● **What you will do**
Return the data that follows exactly as it appears. Pictures do not belong in the copy.

● **Supplied information**

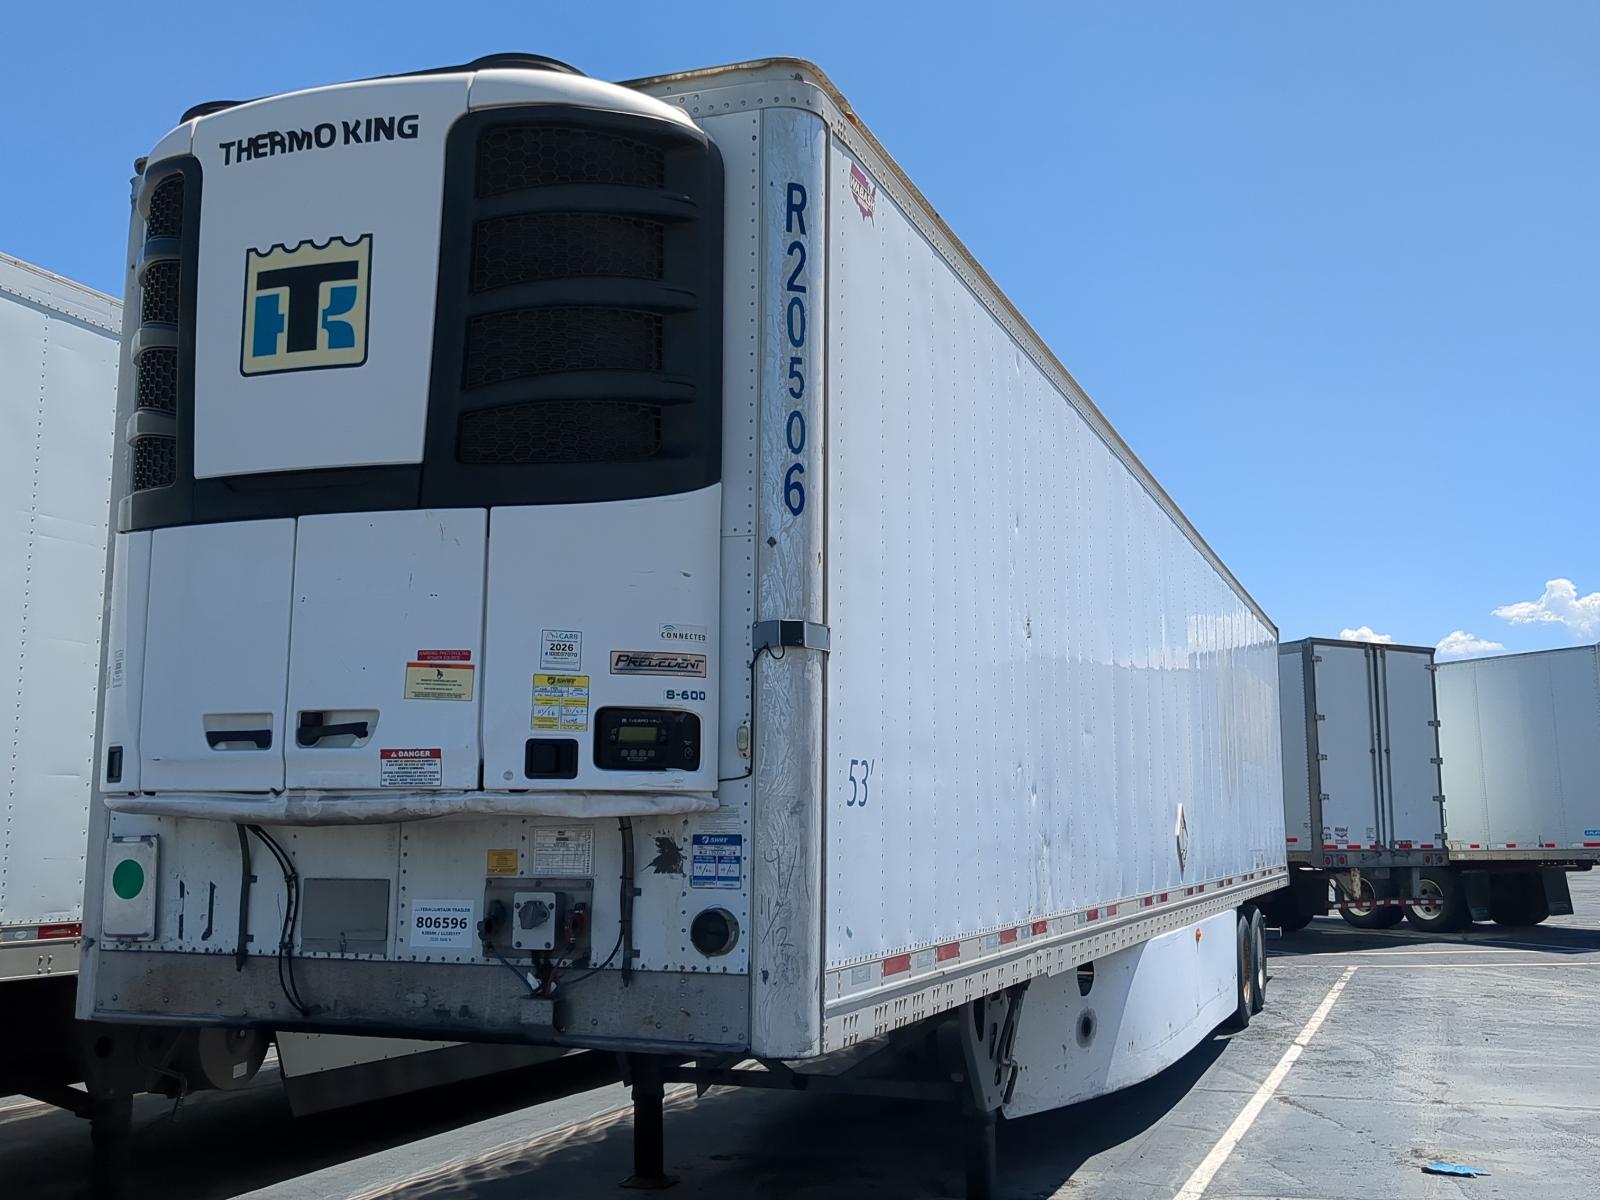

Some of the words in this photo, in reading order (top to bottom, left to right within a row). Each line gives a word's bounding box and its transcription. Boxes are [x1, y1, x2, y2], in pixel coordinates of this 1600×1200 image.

[219, 123, 337, 166] THERMO
[342, 114, 419, 146] KING
[783, 182, 808, 517] R205506
[661, 632, 706, 641] CONNECTED
[550, 643, 574, 652] 2026
[615, 655, 704, 671] PRECEDENT
[399, 750, 431, 758] DANGER
[416, 916, 468, 929] 806596
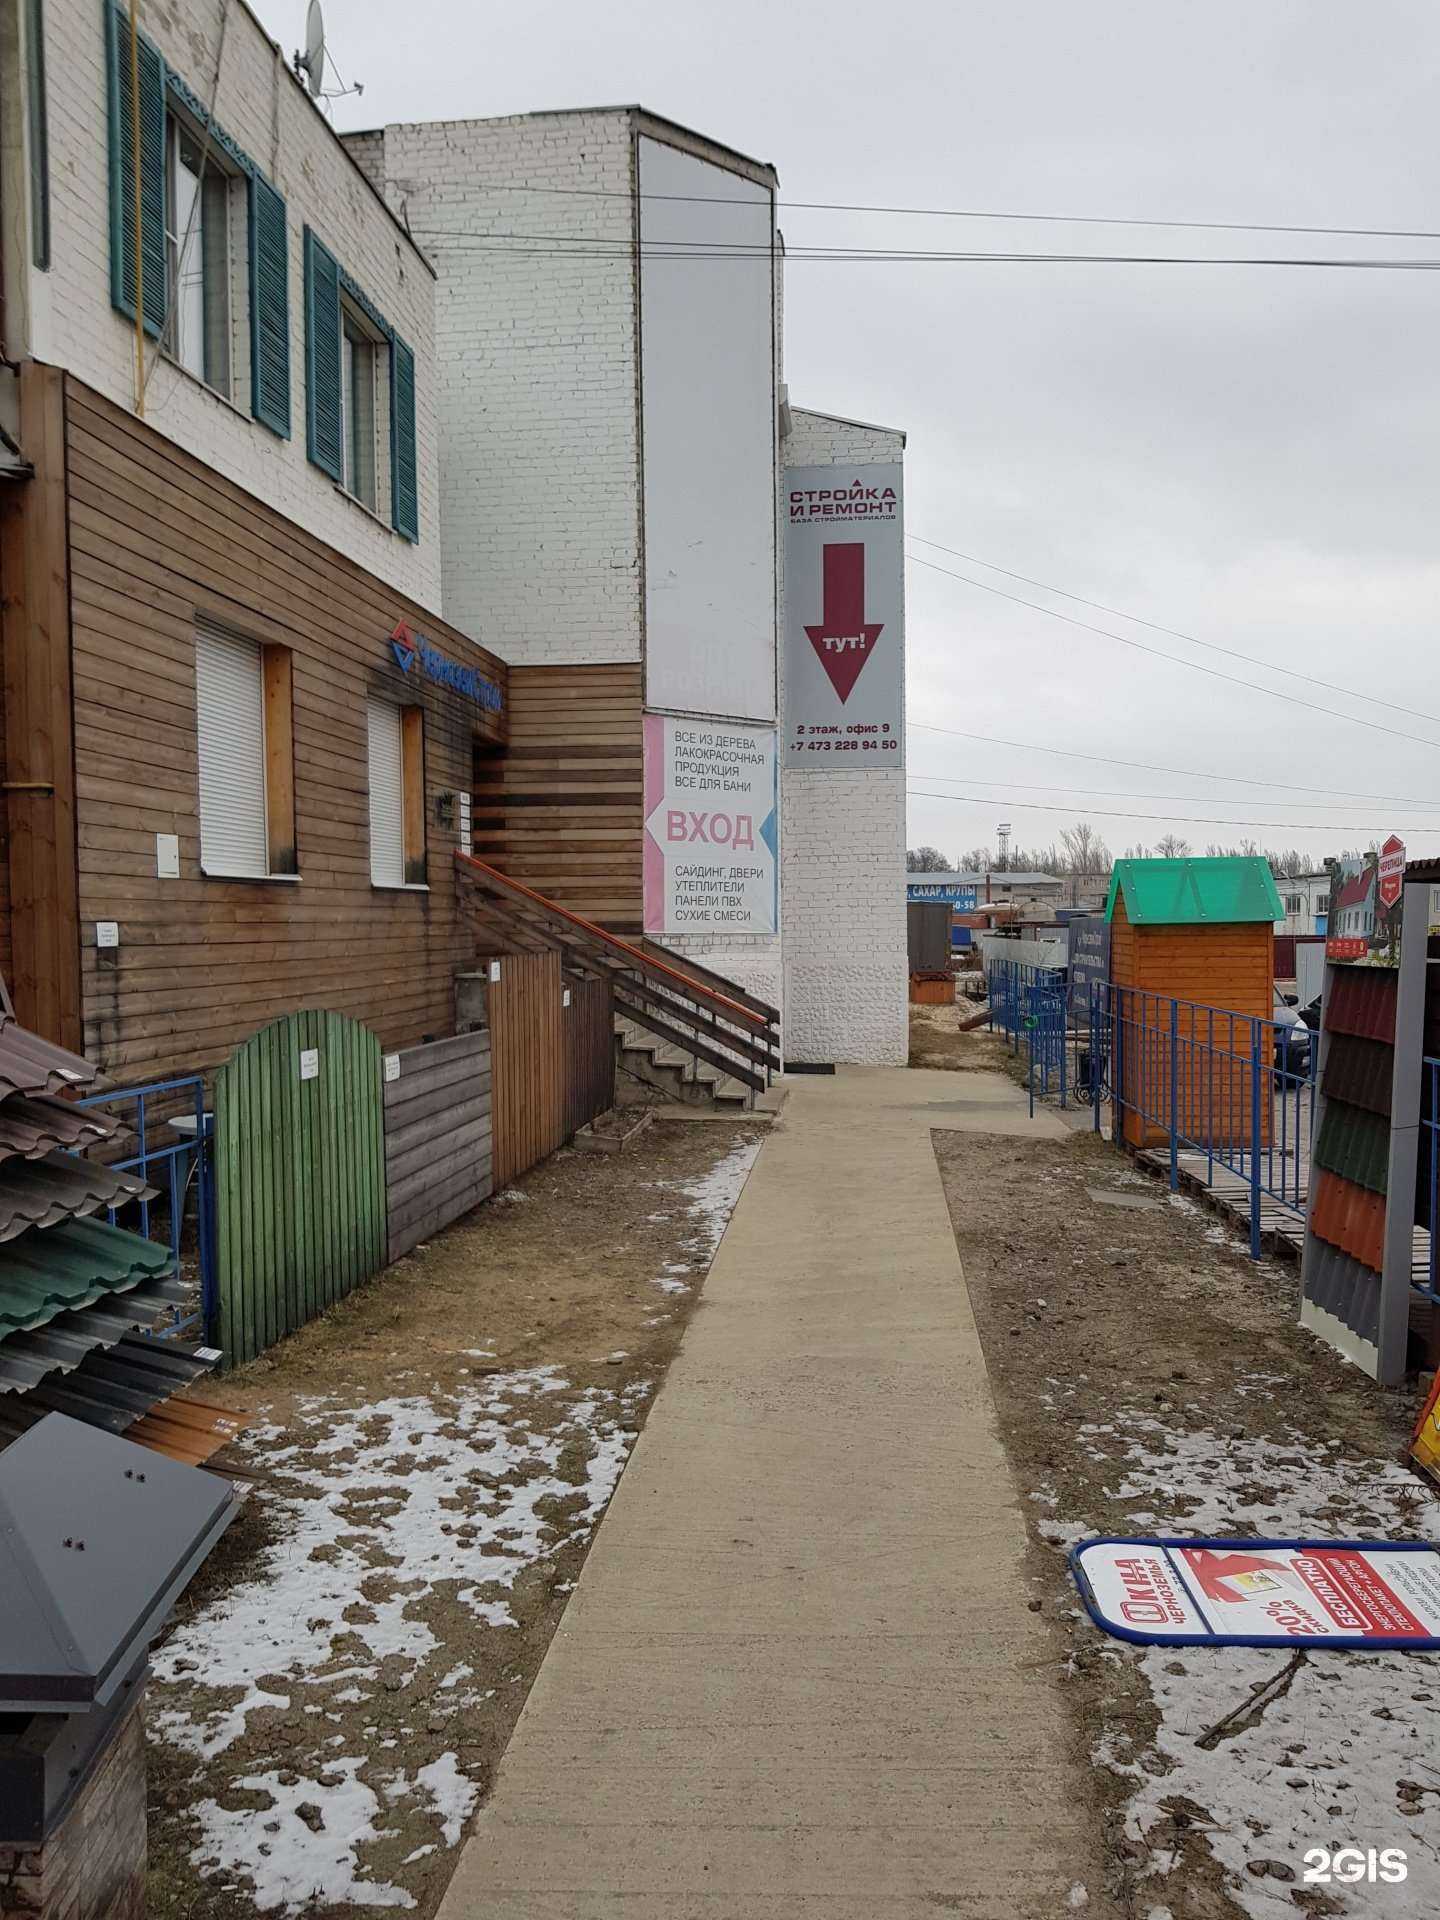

● **Exercise result**
Some of the words in this photo, in reading order (top to bottom, left to right within a row). Each line gives a word's bounding box and its transcription. Boxes are [x1, y1, x2, y2], in pixel coordinates of this 1600×1200 image.

[219, 123, 337, 166] THERMO
[342, 114, 419, 146] KING
[783, 182, 808, 517] R205506
[661, 632, 706, 641] CONNECTED
[550, 643, 574, 652] 2026
[615, 655, 704, 671] PRECEDENT
[399, 750, 431, 758] DANGER
[416, 916, 468, 929] 806596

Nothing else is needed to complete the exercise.